At 3000 lux, the Sony DCR-DVD505 produced a very well balanced color spectrum. The picture lacked the super-saturation of last year’s DVD403. These are more accurate colors, to be sure. The green pixel count is also higher, so the CMOS chip is living up to that expectation. Green pixels registered higher in most color tiles, from the greens to the yellows to the magentas, in all but the blue, where they actually scored lower. That’s not too say that the picture looks overly green. As mentioned, it’s an extremely well balanced image.
The picture is far from perfect, however. The problem is sharpness. The DVD505 is not sharp; it has a soft fuzzy look that you don’t find in MiniDV. We’re not looking to put down the DVD format altogether.

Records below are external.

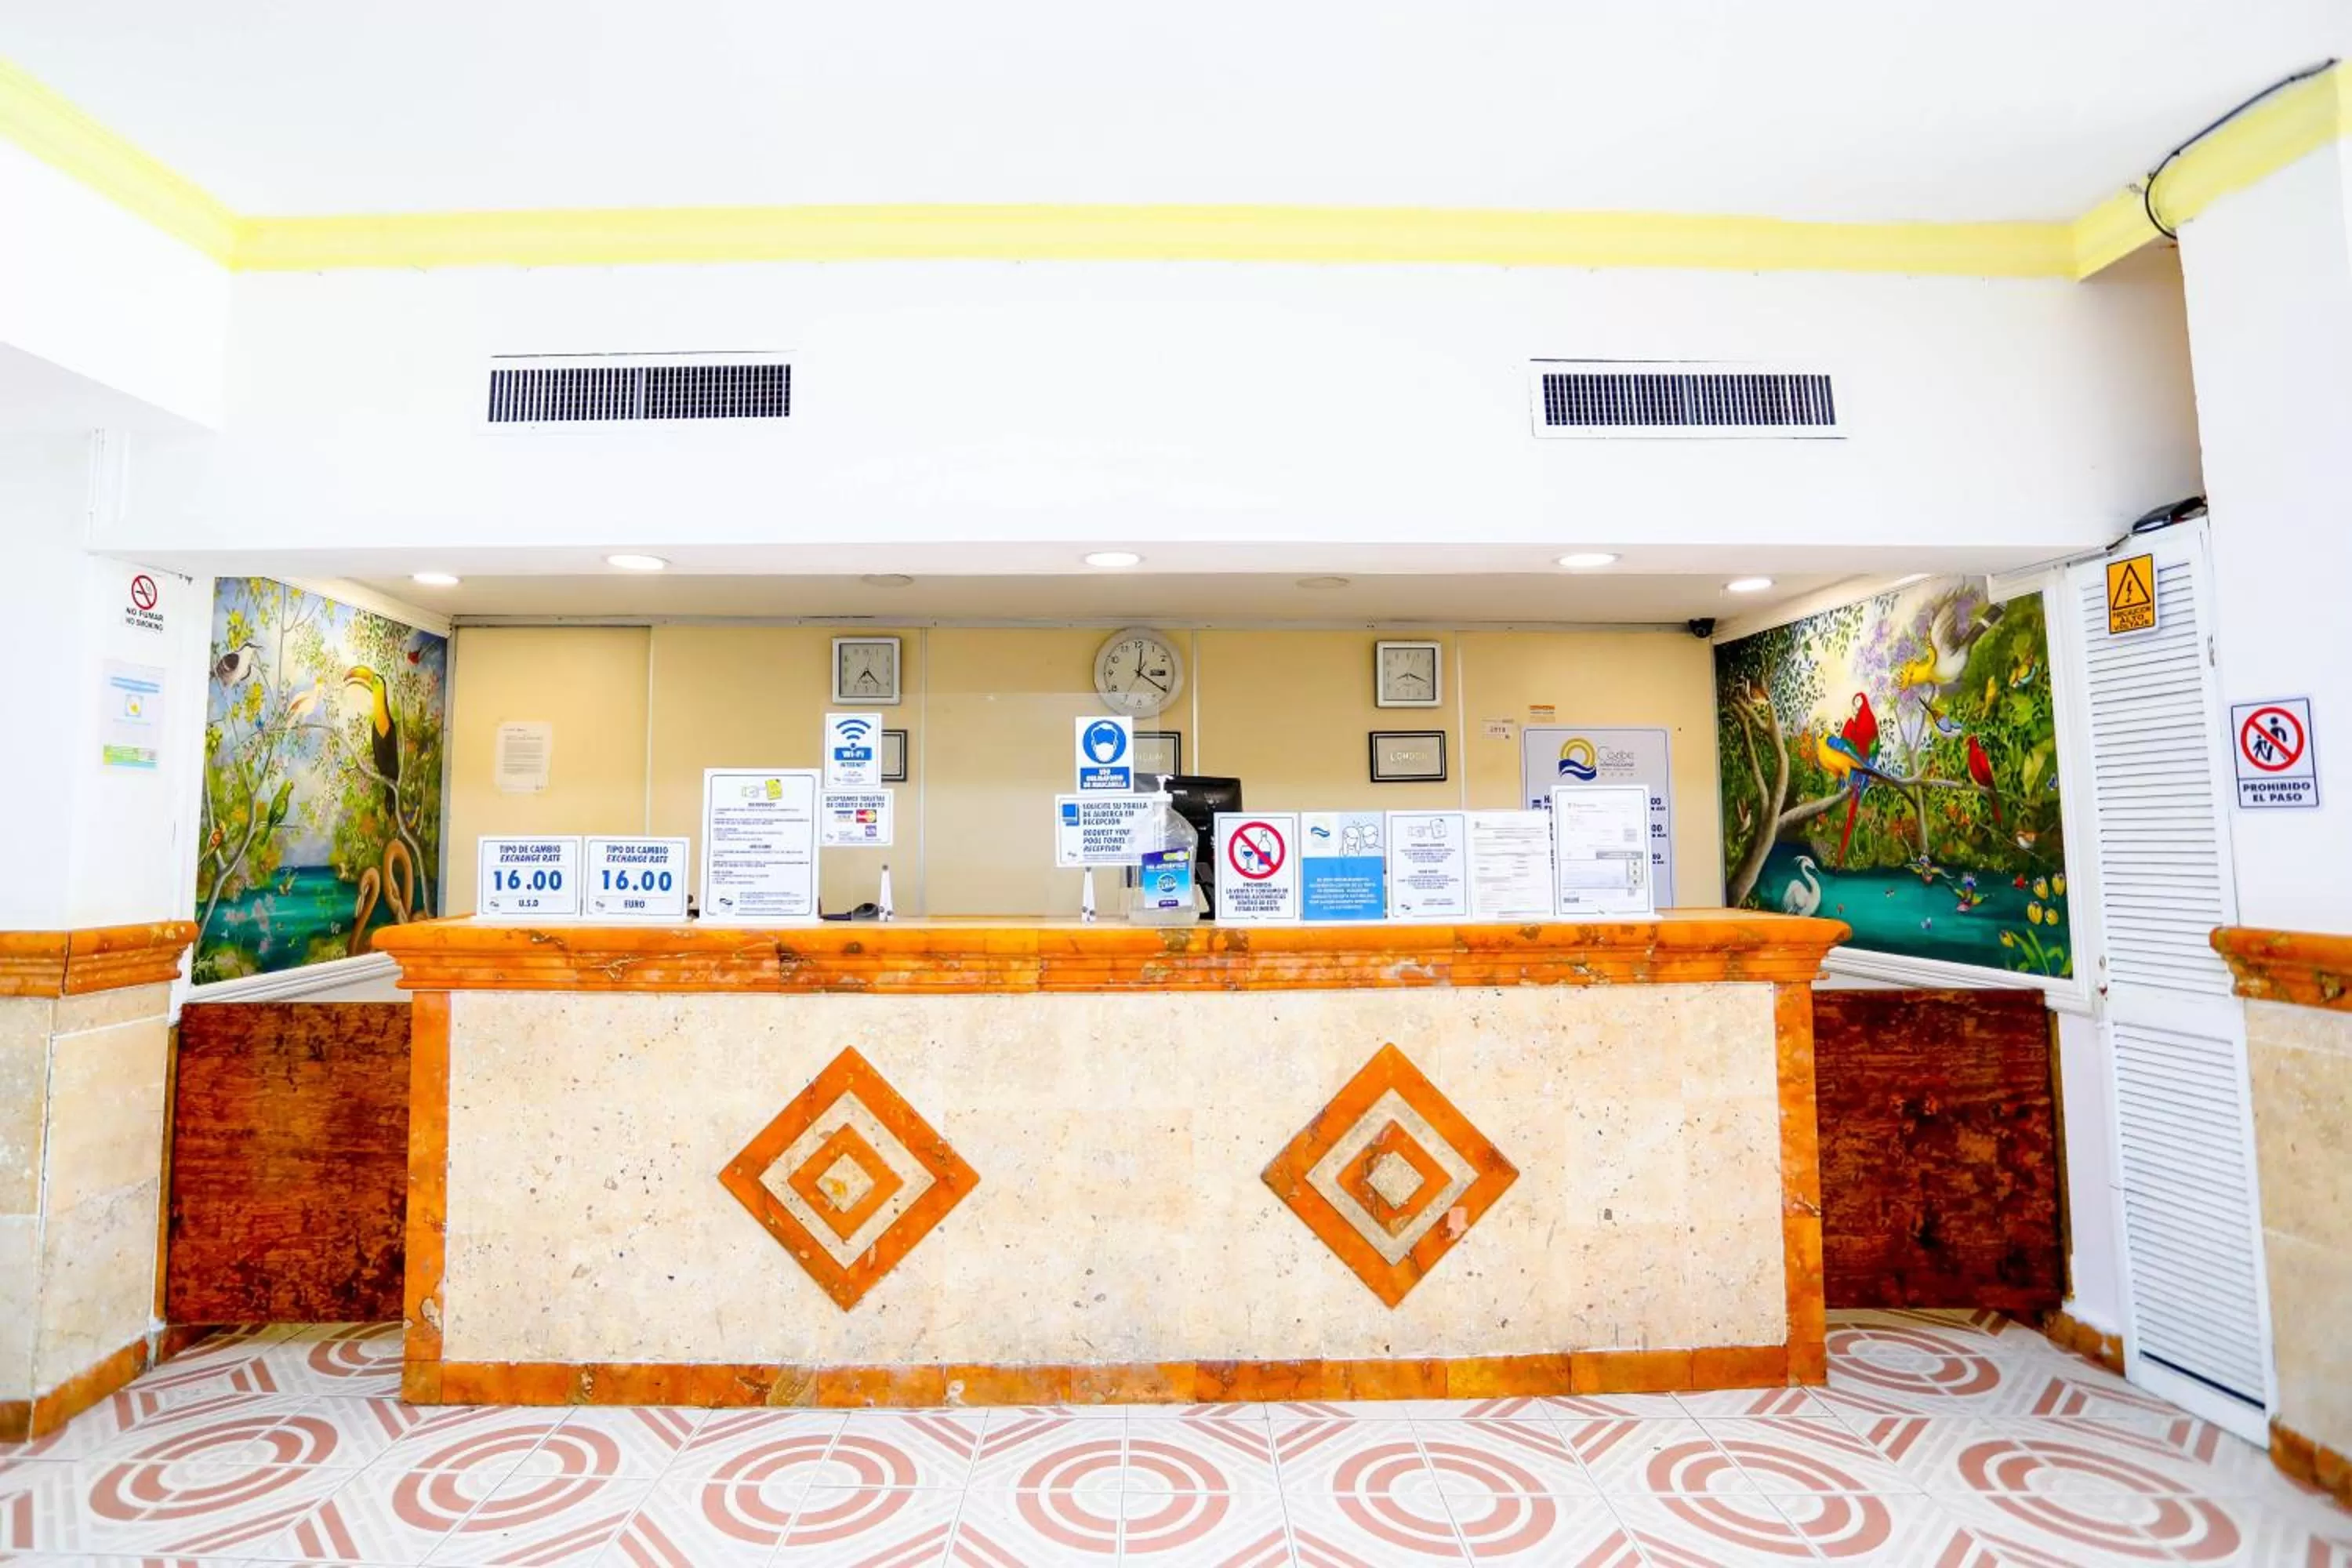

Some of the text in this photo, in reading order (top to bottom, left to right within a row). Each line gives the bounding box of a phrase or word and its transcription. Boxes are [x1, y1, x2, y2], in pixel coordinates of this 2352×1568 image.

[139, 610, 163, 622] FUMAR
[2119, 614, 2144, 624] ALTO
[136, 619, 163, 630] SMOKING
[2243, 782, 2310, 792] PROHIBIDO
[2252, 793, 2303, 802] EL PASO
[499, 844, 561, 853] TIPO DE CAMBIO
[606, 844, 669, 854] TIPO DE CAMBIO
[500, 854, 561, 862] EXCHANGE RATE
[606, 854, 668, 863] EXCHANGE RATE
[493, 869, 563, 891] 16.00
[601, 869, 672, 891] 16.00
[624, 899, 644, 908] EURO

It’s just that MiniDV cams of this caliber, like the HC96, do not have this problem. What’s worse, the problem isn’t getting better. We were surprised to find that when we held up stills from the DVD403, the sharpness wasn’t even close. The in-camera sharpening is too high, and gives the picture a very hard time with curving lines. This was not the case at all with the DVD403.
The problem must be new to the 2006 camcorders, because the DVD405 showed exactly the same sharpening issues. (We have tested the DVD405, and the full review will be out shortly). And the DVD405 uses a CCD rather than the ClearVID CMOS, so this may be a systemic issue with processors on Sony DVD camcorders. We’ll have to see about that as the year goes on.

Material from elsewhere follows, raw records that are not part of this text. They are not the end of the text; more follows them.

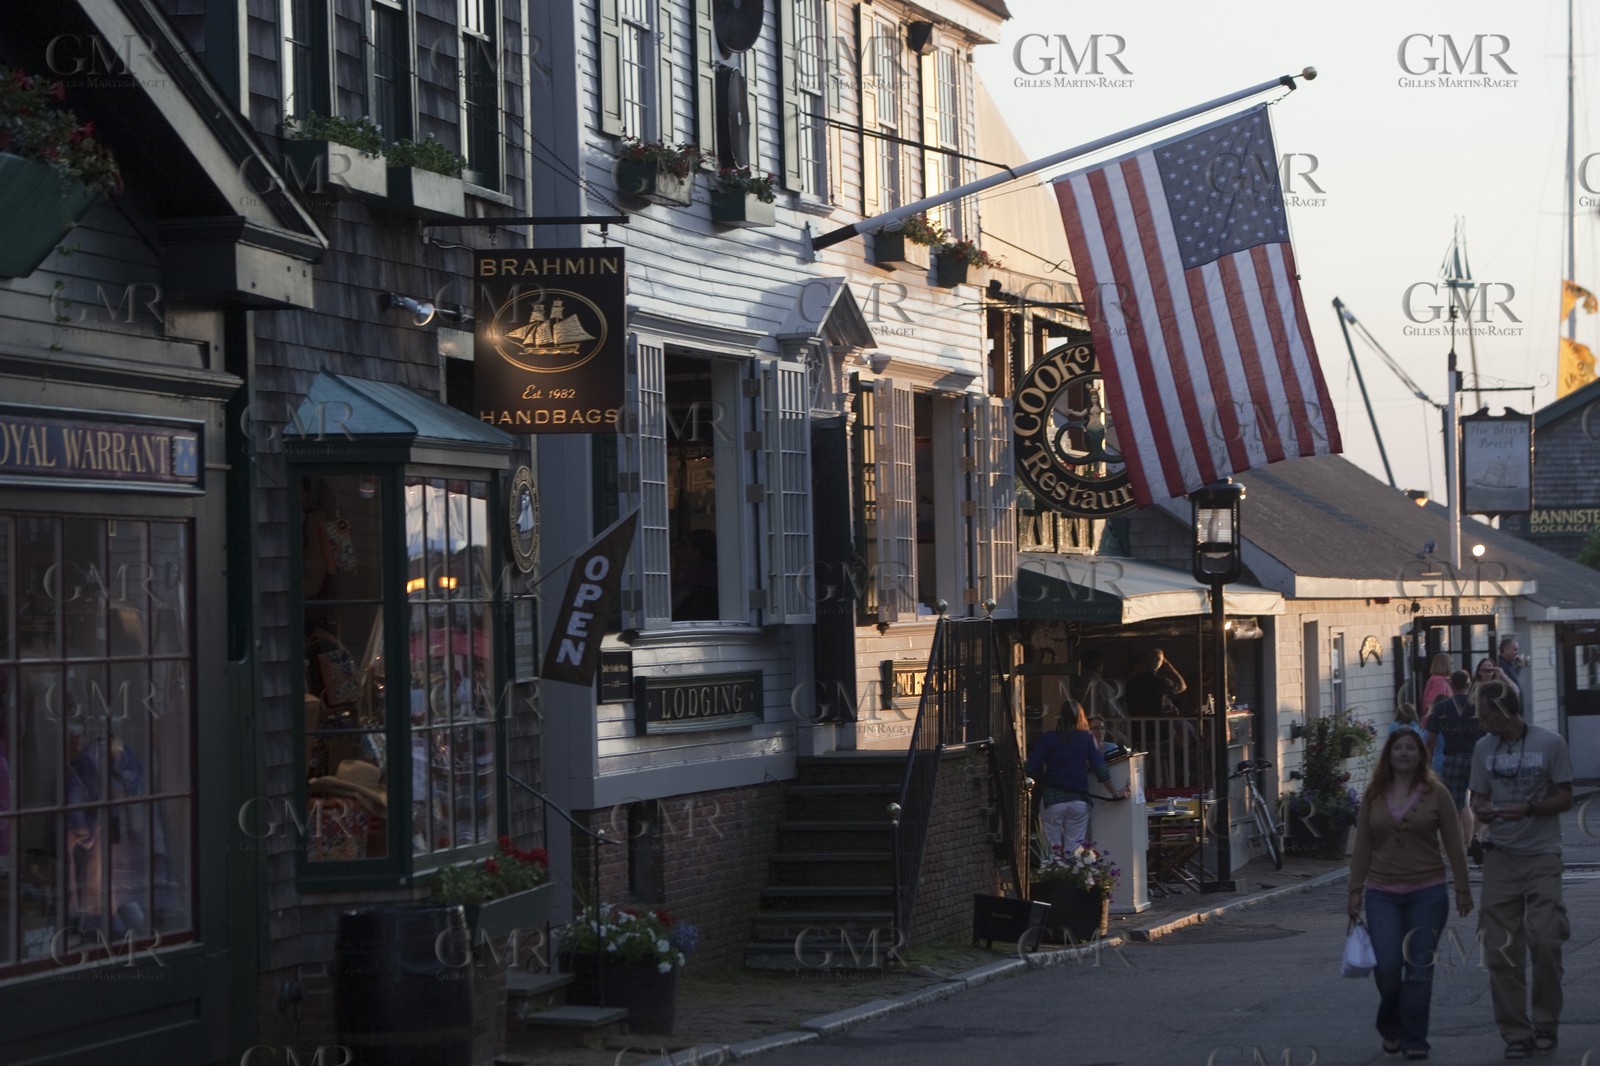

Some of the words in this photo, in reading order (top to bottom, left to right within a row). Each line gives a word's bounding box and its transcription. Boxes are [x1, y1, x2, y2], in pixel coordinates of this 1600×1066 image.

[480, 257, 618, 277] BRAHMIN
[548, 388, 576, 400] 1982
[480, 408, 618, 426] HANDBAGS
[1470, 423, 1488, 436] The
[1492, 423, 1527, 436] Black
[62, 428, 170, 474] WARRANT
[1478, 437, 1514, 449] Pearl
[556, 555, 610, 666] OPEN
[661, 684, 743, 719] LODGING
[1486, 752, 1543, 771] CRROION

We compared the DVD505 to other camcorders to evaluate performance. We have compared it with the DVD403 in some detail already, but we’ll reiterate that the saturation levels on the DVD403 are much higher. It caused some excitement with our original reviewers, but lately there has been some criticism about the saturation being overbearing. Whites were also much whiter.
The DVD405, the next model down in the 2006 line, had a similar color palette, with slightly less saturated magenta tones. The in-camera sharpening seems worse in the DVD405, which created more pronounced halos in the high contrast borders.
We also compared it to the Panasonic VDR-D300, which has 3 1/6" CCD chips. The D300 had an exceptionally sharp picture. There is no contest between this and the DVD505. The D300’s problem was noise, though. As you zoom in, you can see dark, small grained noise throughout the image. The DVD505, despite having the traditionally noisier CMOS chip, managed to suppress it better.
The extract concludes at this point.